Il s’enfonça jusqu’à la garde, et je soupirai quand il jouit brutalement. Il enfouit son visage dans mon cou, mordant mon épaule. Il me tira contre lui, se vidant jusqu’à la dernière goutte, haletant pour survivre à ce que nous venions de faire.

Je passai mes doigts dans ses cheveux doux et mes paupières se fermèrent. Je pourrais rester là pour toujours, dans ce moment, à faire semblant que ce n’était pas une énorme erreur.

Il était là, mais ce n’était pas pour moi qu’il était revenu. C’était impossible, sinon il aurait envoyé un message à n’importe quel moment ces deux dernières années. Mais il ne l’avait pas fait.

Il m’avait fantôme. Et il avait suffi d’un petit kidnapping pour que je craque.

Il me rendait faible, et je devais être plus forte. Mais pour la prochaine fois.

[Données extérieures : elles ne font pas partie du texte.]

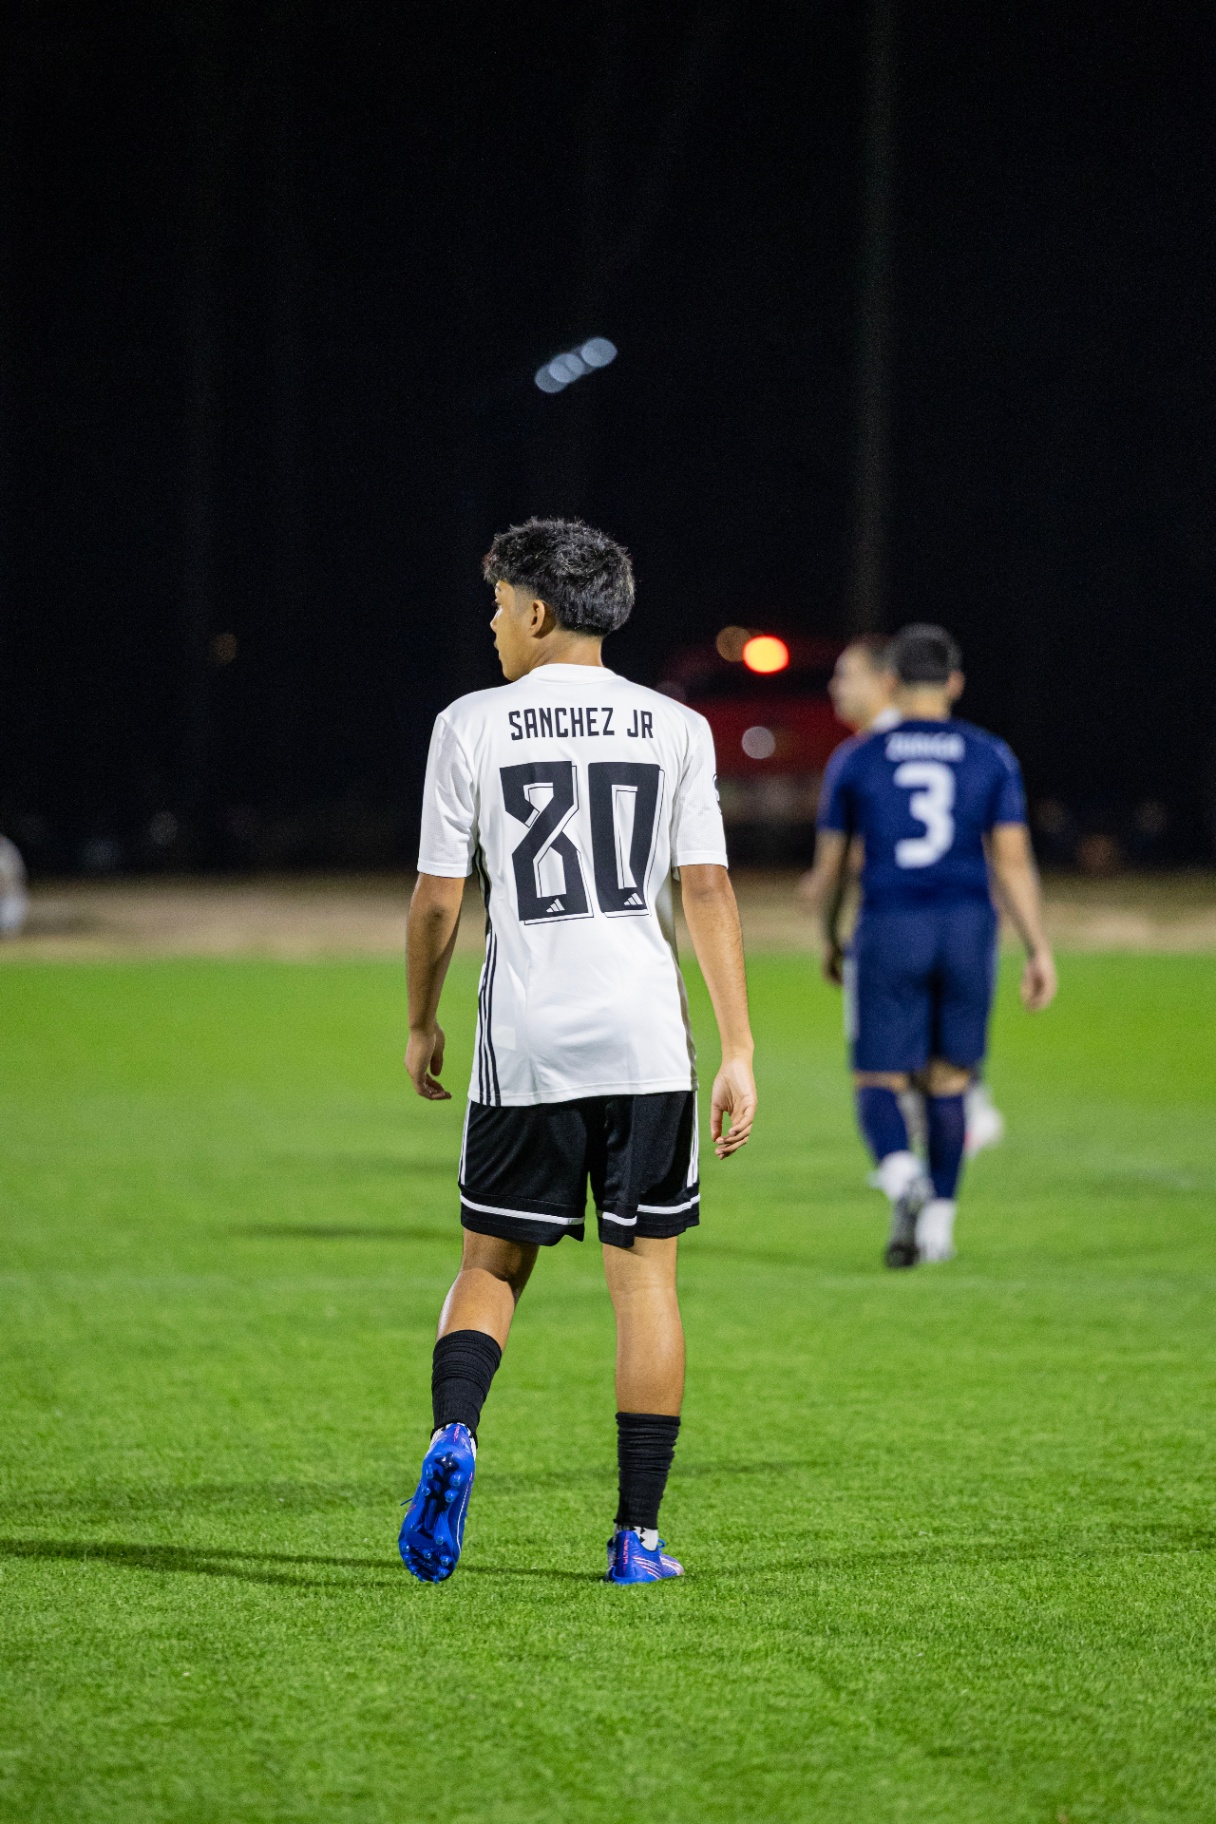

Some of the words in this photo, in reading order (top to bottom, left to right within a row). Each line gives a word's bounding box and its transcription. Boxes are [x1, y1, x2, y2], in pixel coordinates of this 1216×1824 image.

Cette fois-ci, j’ai cédé à la tentation.

Luka recula et m’embrassa doucement.

Son visage m’avait manqué. Il était putain de magnifique. J’avais rendu folles toutes les pom-pom girls en sortant avec lui.

Luka semblait sur le point de dire quelque chose, mais avant qu’il ne le puisse, quelqu’un tapa à la vitre et une lampe torche fouilla l’habitacle.

« Vous deux, sortez de là pour que je puisse vous arrêter avec des vêtements, ok ? » dit le policier derrière la vitre, le visage impassible en observant nos corps nus dans la voiture.

Putain, mon harceleur allait adorer celle-là.